Impact of Mitochondria and NADPH Oxidases on Acute and Sustained Hypoxic Pulmonary Vasoconstriction

Norbert Weissmann1*, Stefanie Zeller1, Rolf U Schafer1, Carmen Turowski1, Mahmut Ay1, Karin Quanz1, Hossein A Ghofrani1, Ralph T Schermuly1, Ludger Fink2, Werner Seeger1, and Friedrich Grimminger1

1 Department of Internal Medicine II/V, Justus-Liebig-University Giessen, Giessen, Germany, 2 Institute of Pathology, Justus-Liebig-University Giessen, Giessen, Germany

* To whom correspondence should be addressed. E-mail: Norbert.Weissmann{at}uglc.de.

Hypoxic pulmonary vasoconstriction (HPV) matches lung perfusion with ventilation to optimize pulmonary gas exchange.
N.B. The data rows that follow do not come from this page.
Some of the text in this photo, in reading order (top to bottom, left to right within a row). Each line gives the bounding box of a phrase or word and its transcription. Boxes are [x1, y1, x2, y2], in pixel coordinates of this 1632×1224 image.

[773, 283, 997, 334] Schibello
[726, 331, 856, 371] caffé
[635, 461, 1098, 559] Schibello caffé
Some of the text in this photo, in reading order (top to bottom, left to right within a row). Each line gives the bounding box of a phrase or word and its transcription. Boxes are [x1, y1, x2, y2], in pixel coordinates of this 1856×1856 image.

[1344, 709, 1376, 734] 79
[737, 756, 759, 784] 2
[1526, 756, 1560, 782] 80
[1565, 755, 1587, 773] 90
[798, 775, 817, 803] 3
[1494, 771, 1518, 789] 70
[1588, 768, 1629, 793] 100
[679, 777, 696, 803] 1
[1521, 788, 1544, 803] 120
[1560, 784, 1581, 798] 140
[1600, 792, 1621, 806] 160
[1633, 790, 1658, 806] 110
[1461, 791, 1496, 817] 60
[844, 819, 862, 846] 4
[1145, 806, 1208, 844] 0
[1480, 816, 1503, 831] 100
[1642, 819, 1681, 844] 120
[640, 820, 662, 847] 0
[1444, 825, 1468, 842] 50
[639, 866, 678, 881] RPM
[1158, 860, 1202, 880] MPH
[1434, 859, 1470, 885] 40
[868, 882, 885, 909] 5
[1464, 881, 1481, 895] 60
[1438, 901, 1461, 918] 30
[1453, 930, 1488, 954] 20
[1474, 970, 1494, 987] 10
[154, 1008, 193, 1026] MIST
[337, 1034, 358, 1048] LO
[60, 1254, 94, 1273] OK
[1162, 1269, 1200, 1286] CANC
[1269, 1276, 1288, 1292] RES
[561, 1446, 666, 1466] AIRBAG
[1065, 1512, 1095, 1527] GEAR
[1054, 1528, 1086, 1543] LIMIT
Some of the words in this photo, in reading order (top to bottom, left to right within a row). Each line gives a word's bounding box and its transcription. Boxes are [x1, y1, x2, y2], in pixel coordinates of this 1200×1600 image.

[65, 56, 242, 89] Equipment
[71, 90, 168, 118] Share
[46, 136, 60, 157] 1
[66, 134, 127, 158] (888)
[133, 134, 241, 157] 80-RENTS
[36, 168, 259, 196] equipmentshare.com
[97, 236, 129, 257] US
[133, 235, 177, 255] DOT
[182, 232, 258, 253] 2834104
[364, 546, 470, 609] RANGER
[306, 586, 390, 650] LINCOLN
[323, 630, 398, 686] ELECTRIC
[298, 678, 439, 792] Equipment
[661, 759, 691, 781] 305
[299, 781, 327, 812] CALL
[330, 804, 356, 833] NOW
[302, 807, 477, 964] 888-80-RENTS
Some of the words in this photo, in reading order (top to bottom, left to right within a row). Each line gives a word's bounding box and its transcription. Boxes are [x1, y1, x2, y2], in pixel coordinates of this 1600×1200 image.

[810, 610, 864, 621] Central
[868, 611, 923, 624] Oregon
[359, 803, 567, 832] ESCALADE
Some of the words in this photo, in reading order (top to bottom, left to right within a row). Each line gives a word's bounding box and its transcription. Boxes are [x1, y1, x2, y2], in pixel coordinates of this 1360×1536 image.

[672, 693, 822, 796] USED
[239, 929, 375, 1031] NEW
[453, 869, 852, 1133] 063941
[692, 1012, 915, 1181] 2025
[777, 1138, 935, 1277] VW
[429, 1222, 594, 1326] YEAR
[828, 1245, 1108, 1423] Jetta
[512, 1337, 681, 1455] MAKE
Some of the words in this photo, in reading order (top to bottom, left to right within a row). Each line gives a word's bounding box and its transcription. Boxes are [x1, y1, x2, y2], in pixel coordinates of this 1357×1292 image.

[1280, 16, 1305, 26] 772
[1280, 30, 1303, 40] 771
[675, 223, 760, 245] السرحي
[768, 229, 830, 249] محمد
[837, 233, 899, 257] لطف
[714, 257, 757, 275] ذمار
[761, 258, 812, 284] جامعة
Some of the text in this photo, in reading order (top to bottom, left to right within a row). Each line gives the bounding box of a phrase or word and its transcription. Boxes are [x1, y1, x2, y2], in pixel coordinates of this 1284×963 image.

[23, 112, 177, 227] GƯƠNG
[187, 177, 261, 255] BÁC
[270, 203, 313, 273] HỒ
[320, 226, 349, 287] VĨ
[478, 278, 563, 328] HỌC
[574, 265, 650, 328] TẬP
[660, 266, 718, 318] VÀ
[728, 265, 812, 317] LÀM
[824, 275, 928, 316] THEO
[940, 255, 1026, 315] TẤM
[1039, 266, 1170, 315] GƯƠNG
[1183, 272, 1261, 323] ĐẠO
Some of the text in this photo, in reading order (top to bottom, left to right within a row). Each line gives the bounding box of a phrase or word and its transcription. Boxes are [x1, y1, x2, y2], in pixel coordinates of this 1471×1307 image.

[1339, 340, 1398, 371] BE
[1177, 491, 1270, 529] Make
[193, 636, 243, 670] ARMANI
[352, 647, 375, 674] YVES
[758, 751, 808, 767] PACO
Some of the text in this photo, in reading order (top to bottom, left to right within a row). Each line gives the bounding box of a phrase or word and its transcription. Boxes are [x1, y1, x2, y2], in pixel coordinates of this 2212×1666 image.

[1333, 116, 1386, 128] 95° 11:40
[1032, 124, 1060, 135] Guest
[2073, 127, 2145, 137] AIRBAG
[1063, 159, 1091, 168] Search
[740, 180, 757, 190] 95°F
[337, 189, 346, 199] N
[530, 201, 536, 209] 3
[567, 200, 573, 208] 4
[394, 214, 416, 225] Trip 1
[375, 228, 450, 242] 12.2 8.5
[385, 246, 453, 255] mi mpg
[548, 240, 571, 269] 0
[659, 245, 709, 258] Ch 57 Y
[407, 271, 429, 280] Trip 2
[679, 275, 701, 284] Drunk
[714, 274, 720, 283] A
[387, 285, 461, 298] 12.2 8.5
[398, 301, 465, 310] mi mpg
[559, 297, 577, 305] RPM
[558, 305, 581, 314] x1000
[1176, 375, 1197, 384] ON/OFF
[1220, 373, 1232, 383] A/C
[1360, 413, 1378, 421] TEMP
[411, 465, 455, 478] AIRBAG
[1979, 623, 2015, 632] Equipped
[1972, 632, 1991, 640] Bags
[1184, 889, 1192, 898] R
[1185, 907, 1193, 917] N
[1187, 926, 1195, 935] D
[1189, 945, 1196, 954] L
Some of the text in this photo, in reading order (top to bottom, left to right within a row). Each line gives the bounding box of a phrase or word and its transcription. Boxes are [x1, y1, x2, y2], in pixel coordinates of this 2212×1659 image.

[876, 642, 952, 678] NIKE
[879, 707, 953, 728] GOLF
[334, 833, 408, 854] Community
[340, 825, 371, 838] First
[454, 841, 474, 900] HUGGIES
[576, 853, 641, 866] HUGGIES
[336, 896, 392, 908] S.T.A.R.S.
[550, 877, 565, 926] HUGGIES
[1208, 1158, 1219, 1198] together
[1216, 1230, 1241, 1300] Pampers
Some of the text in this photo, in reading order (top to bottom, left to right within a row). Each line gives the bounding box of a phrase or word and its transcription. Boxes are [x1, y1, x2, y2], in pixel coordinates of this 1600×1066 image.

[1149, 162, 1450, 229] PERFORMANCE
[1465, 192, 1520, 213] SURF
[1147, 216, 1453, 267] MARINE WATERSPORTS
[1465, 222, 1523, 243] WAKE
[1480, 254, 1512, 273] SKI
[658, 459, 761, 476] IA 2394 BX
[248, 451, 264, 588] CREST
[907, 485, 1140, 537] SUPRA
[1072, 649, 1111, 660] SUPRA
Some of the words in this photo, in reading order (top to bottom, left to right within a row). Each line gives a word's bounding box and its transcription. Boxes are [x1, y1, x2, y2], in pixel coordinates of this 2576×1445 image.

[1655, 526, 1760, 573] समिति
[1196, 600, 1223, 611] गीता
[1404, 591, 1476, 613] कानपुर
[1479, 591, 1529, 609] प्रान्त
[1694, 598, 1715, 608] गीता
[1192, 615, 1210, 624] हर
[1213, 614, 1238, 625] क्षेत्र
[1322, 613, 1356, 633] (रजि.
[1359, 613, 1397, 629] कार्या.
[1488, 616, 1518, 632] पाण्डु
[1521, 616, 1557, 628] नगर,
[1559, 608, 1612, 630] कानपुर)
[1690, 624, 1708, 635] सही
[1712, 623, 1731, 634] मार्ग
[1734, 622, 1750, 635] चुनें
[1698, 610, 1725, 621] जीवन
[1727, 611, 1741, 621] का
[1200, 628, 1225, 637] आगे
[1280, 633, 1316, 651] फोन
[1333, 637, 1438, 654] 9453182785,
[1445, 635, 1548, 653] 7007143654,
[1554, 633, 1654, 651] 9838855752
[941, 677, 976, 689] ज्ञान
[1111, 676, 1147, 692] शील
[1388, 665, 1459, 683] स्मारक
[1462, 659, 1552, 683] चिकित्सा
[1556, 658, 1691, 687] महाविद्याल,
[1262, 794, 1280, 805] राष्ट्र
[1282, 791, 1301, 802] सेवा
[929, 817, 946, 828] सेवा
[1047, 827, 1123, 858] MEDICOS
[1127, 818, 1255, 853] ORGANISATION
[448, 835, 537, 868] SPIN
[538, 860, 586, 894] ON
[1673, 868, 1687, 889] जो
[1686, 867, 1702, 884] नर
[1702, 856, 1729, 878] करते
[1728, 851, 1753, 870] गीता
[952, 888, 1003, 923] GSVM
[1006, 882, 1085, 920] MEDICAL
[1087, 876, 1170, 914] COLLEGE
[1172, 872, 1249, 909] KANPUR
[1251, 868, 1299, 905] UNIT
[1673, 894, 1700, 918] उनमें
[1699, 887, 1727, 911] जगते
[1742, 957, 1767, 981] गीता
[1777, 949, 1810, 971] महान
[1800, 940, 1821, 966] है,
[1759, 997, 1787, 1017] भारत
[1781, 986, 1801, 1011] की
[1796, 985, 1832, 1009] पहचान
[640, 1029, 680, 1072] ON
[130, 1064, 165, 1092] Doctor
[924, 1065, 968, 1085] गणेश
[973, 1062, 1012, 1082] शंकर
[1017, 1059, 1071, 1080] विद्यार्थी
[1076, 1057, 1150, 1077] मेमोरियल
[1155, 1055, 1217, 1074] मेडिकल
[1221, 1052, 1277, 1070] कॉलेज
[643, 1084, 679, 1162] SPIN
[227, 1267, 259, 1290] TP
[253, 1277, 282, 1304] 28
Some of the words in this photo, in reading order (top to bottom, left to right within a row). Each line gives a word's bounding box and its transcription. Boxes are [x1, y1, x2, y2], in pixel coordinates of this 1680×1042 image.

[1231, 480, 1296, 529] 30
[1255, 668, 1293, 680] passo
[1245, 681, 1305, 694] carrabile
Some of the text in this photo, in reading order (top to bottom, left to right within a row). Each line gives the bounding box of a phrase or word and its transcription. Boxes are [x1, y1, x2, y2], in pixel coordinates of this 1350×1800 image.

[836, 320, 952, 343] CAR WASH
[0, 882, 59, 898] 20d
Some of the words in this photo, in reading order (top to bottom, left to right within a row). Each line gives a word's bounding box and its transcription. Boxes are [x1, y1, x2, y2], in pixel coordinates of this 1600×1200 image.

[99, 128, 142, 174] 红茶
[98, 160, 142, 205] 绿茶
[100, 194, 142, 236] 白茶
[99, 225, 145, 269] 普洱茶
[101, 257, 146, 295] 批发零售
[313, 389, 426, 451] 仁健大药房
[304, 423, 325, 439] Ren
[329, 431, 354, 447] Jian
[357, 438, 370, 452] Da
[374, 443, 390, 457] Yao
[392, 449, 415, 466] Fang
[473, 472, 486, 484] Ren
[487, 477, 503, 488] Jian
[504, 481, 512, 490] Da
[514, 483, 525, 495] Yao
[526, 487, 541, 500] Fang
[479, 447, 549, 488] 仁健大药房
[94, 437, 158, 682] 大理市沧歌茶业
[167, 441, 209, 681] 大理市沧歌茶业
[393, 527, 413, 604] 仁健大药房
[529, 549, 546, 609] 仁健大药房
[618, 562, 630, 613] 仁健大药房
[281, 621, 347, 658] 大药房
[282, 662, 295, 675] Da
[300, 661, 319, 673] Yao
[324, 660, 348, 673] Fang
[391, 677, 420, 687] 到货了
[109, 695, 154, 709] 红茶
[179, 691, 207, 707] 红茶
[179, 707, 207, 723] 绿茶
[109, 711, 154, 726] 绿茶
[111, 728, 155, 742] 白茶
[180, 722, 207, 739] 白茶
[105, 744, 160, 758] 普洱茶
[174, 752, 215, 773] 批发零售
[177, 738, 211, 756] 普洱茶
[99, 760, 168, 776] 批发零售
However, it remains unclear whether acute HPV (occurring within seconds) and the vasoconstrictor response to sustained alveolar hypoxia (developing over several hours) are triggered by identical mechanisms. We investigated the effect of mitochondrial and NADPH oxidase inhibitors on both phases of HPV in intact rabbit lungs. These studies revealed that the sustained HPV is largely dependent on mitochondrial complex I and totally dependent on complex IV, whereas NADPH oxidase-dependence was only observed for acute HPV. These findings were reinforced by an alternative approach employing lungs from mice deficient in the NADPH oxidase subunit p47phox. In these mice, which lack a subunit suggested to be important for the function of most NADPH oxidase isoforms, but not in gp91phox deficient mice which represent only one isoform of NADPH oxidases, acute HPV was significantly reduced while non-hypoxia-induced vasoconstrictions elicited by the thromboxane mimetic U46619 were not affected. We concluded that the acute phase and the sustained phase of HPV are differentially regulated, with NADPH oxidase activity predominating in the acute phase, while a strong dependence on mitochondrial participation was observed for the second phase.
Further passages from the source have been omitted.